Points clés à retenir :
- L'autoliquidation transfère la responsabilité de la TVA du vendeur à l'acheteur, garantissant ainsi la conformité sans enregistrements de TVA transfrontaliers.
- Les ventes de biens intra-UE entre entreprises (B2B) sont facturées hors TVA, et les acheteurs doivent autoliquider la TVA en France.
- Les acheteurs français doivent ainsi déclarer leurs acquisitions intracommunautaires et autoliquider la TVA, rendant l’opération neutre sur le plan de trésorerie lorsque la taxe est intégralement déductible.
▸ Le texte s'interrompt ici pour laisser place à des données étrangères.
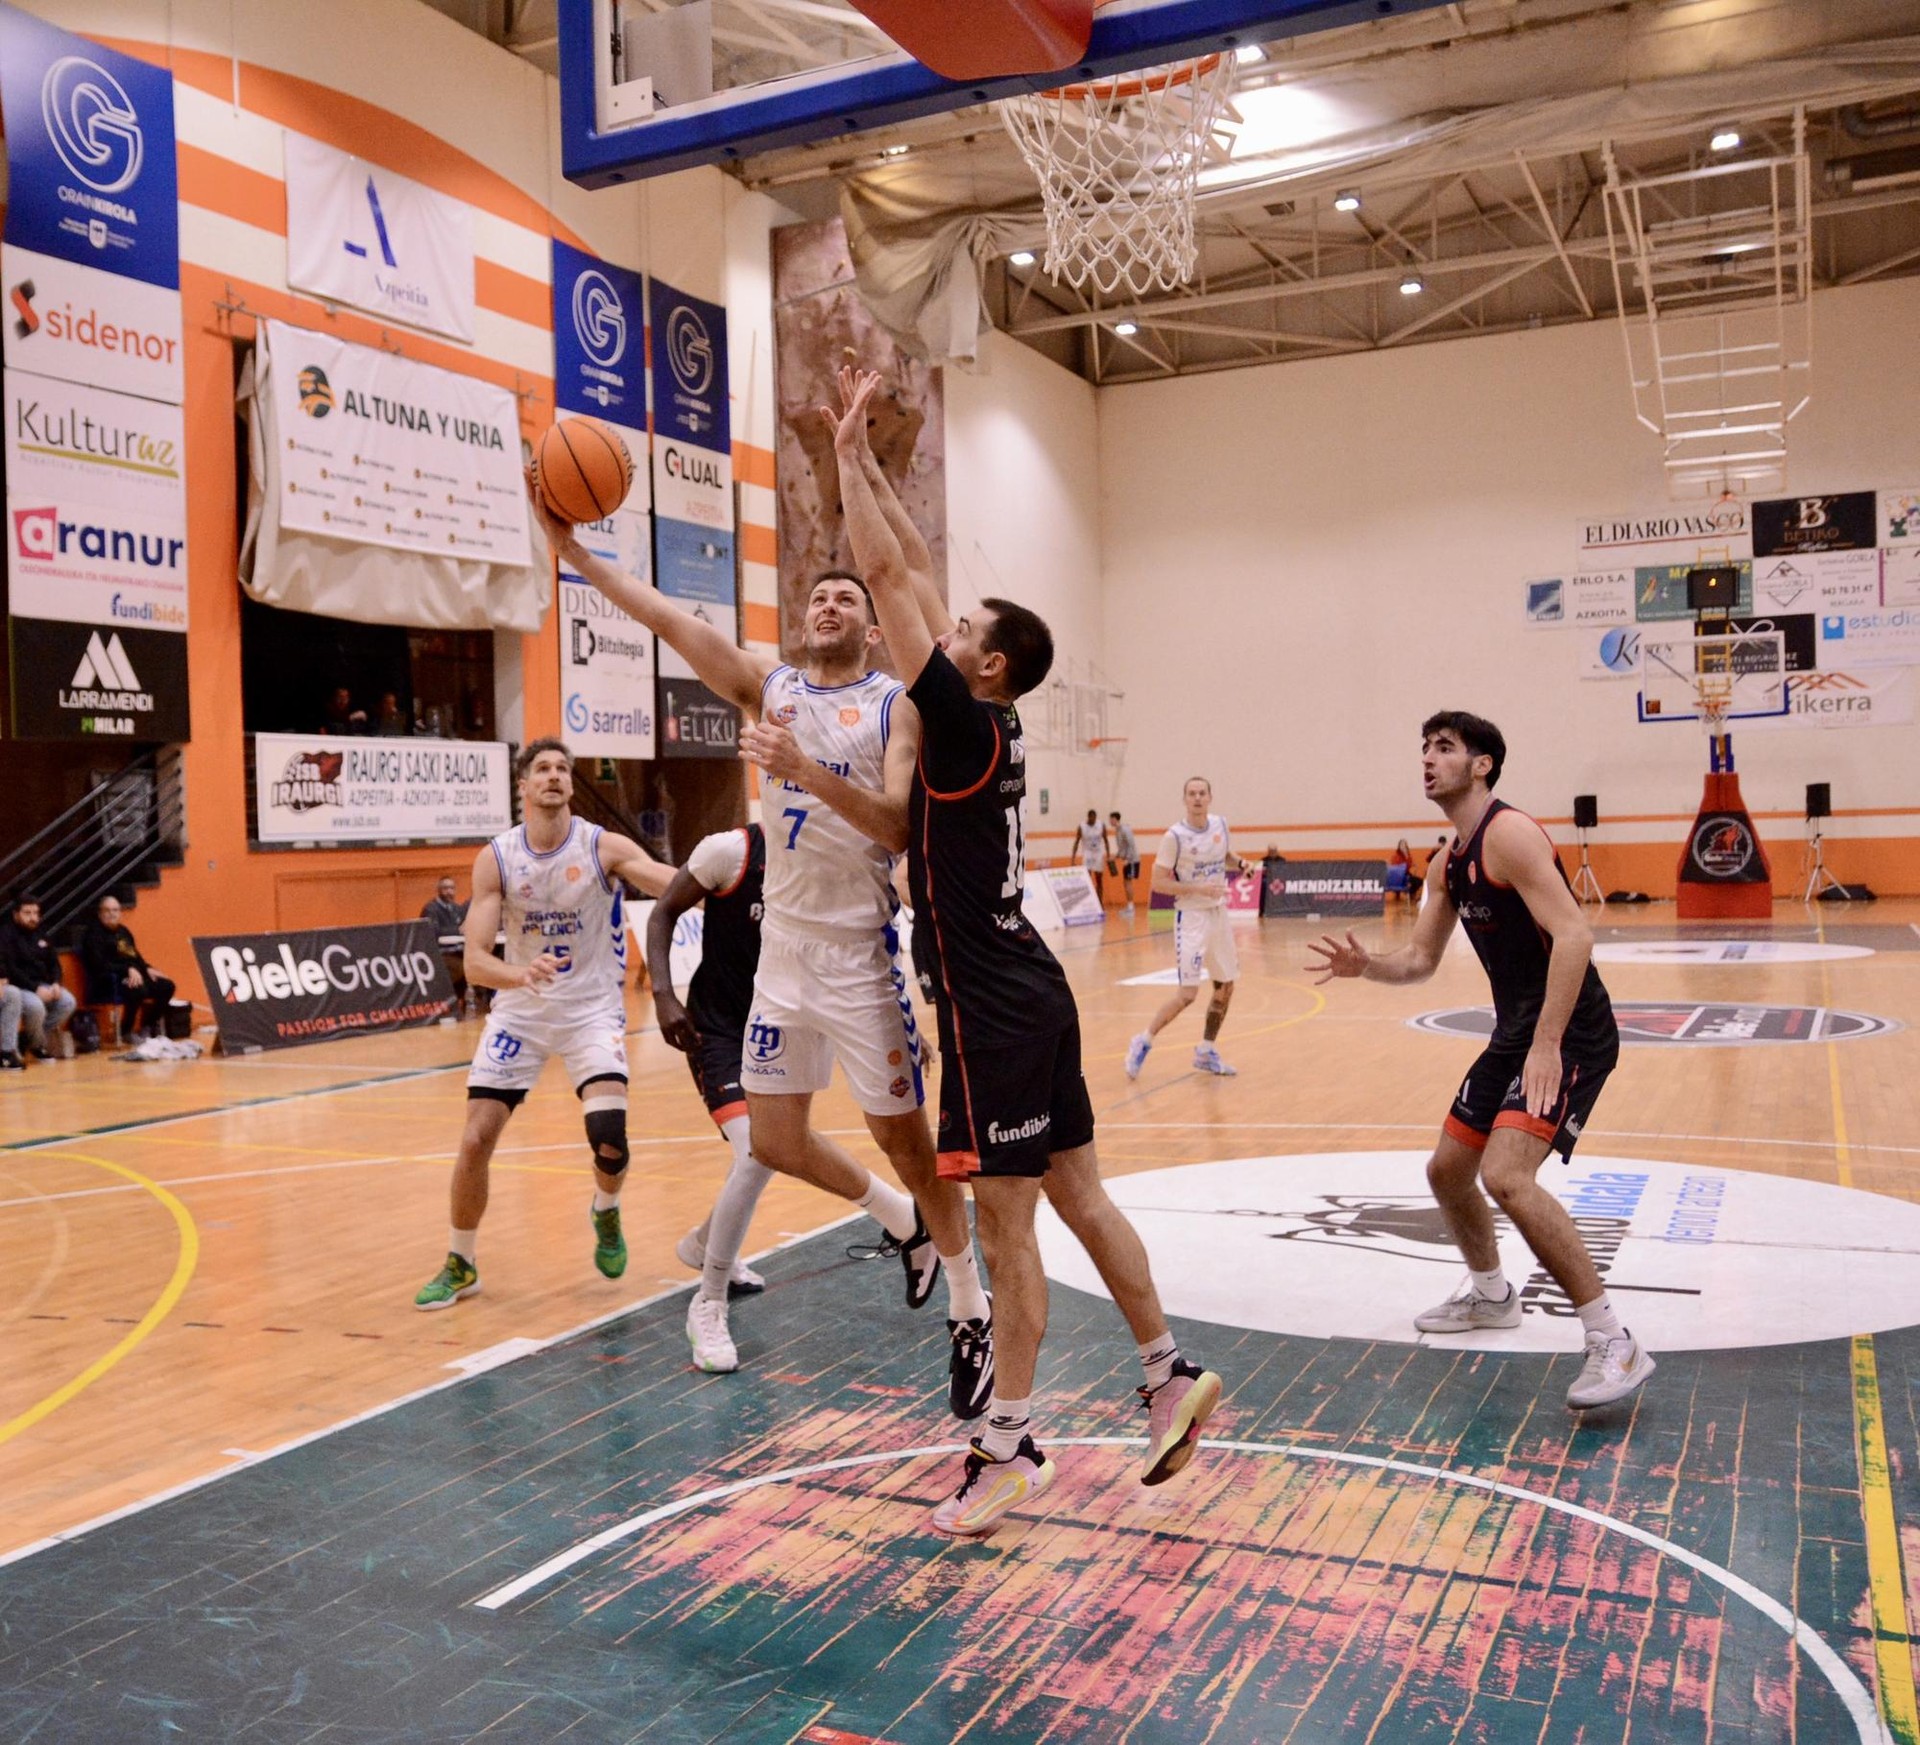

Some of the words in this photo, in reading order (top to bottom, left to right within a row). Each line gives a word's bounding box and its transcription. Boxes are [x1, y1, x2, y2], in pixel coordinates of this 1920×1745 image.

- Pour les prestations de services transfrontalières, la règle de territorialité repose sur le lieu d’établissement du client. En France, cela implique une autoliquidation conformément à l’article 283-2 du Code général des impôts (CGI).
- Certains secteurs nationaux sensibles à la fraude tels que le bâtiment, les métaux, les télécommunications ou le négoce d’énergie sont également soumis au mécanisme d’autoliquidation afin de limiter les fraudes à la TVA.
- Depuis 2022, la TVA à l’importation en France est également autoliquidée via la déclaration CA3, ce qui améliore la trésorerie des entreprises.
- Les factures doivent être émises sans TVA, mentionner les numéros de TVA du vendeur et de l’acheteur, et comporter la mention obligatoire « TVA due par le preneur » ou « Autoliquidation ».
- Enfin, le mécanisme d’autoliquidation ne s’applique pas aux ventes B2C : le fournisseur reste redevable de la TVA, sauf dans le cadre du guichet unique (OSS ) pour les ventes à distance ou les services numériques.
Normalement, lorsqu’une entreprise vend des biens ou des services, elle facture la TVA, la collecte auprès du client et la reverse ensuite à l’administration fiscale.
Avec le mécanisme d’autoliquidation, ce processus est inversé :
Le résultat est souvent « neutre » sur le plan de trésorerie, tout en assurant que la transaction est correctement enregistrée aux fins fiscales.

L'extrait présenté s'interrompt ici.